[Dataset entries]
+++

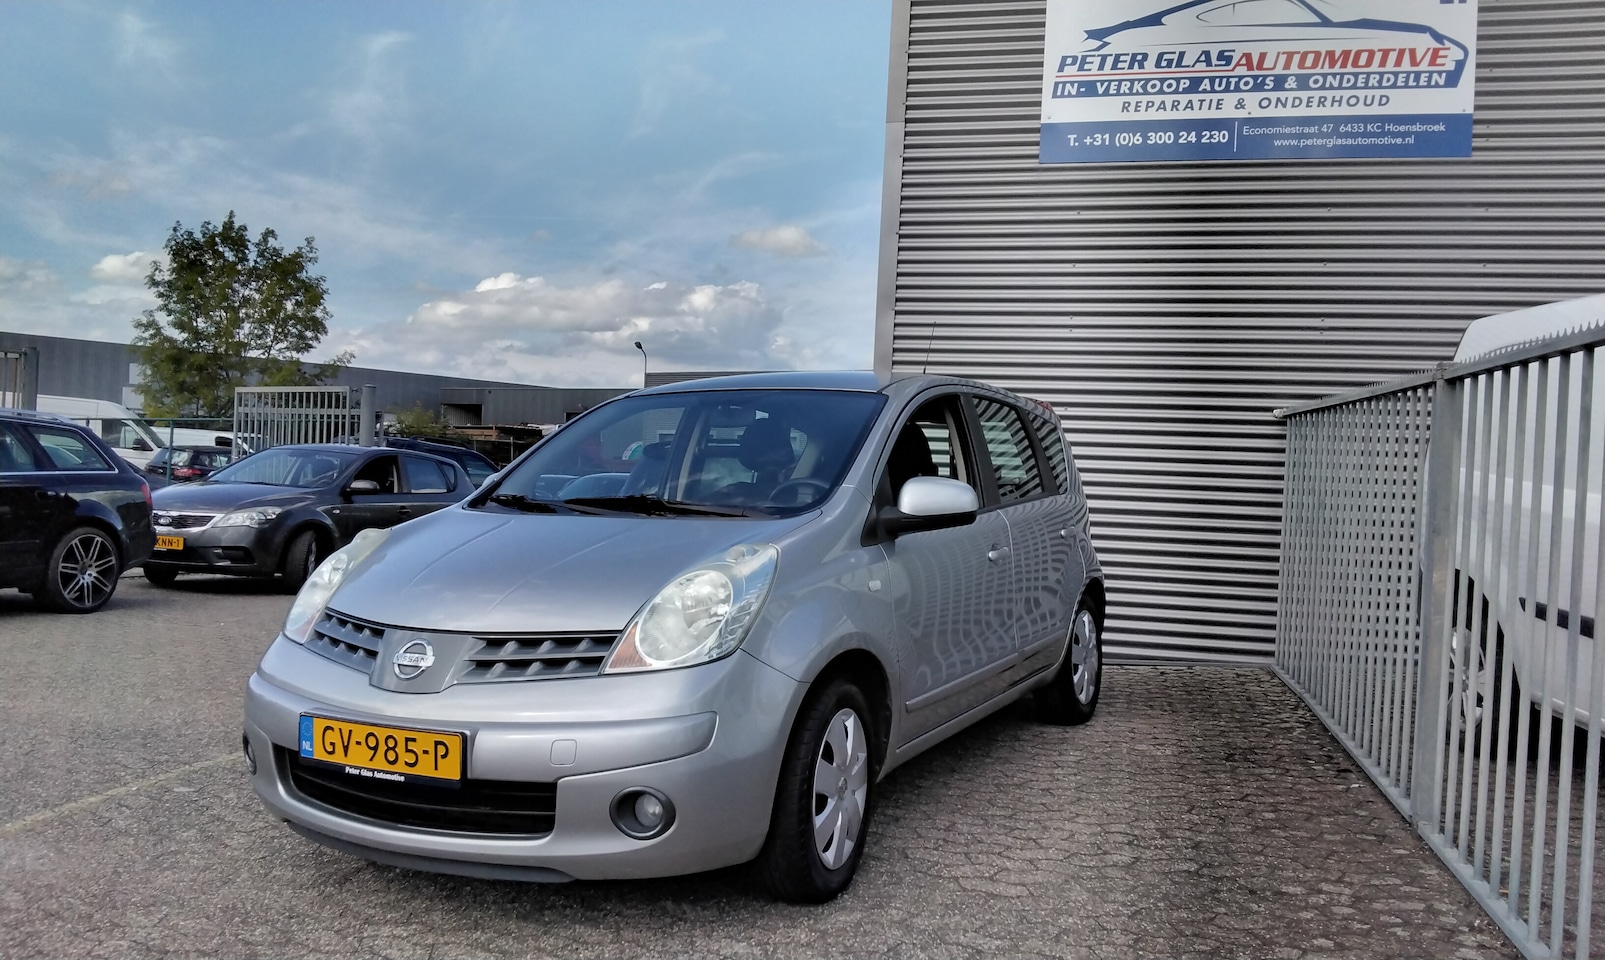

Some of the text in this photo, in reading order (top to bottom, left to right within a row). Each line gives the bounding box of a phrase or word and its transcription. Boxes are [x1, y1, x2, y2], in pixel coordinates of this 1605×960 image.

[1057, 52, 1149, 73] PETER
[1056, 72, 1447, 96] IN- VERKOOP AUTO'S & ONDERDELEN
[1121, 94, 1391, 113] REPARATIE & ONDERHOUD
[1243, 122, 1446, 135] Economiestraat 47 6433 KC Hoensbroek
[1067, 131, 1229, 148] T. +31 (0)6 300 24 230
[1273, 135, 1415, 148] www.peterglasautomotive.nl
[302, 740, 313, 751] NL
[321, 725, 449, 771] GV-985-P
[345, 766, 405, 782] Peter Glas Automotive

+++

- _Required action_: Give back the records exactly, minus any pictures.

- _Answer below_:
Some of the text in this photo, in reading order (top to bottom, left to right within a row). Each line gives the bounding box of a phrase or word and its transcription. Boxes are [x1, y1, x2, y2], in pixel coordinates of this 1605×960 image.

[1057, 52, 1149, 73] PETER
[1056, 72, 1447, 96] IN- VERKOOP AUTO'S & ONDERDELEN
[1121, 94, 1391, 113] REPARATIE & ONDERHOUD
[1243, 122, 1446, 135] Economiestraat 47 6433 KC Hoensbroek
[1067, 131, 1229, 148] T. +31 (0)6 300 24 230
[1273, 135, 1415, 148] www.peterglasautomotive.nl
[302, 740, 313, 751] NL
[321, 725, 449, 771] GV-985-P
[345, 766, 405, 782] Peter Glas Automotive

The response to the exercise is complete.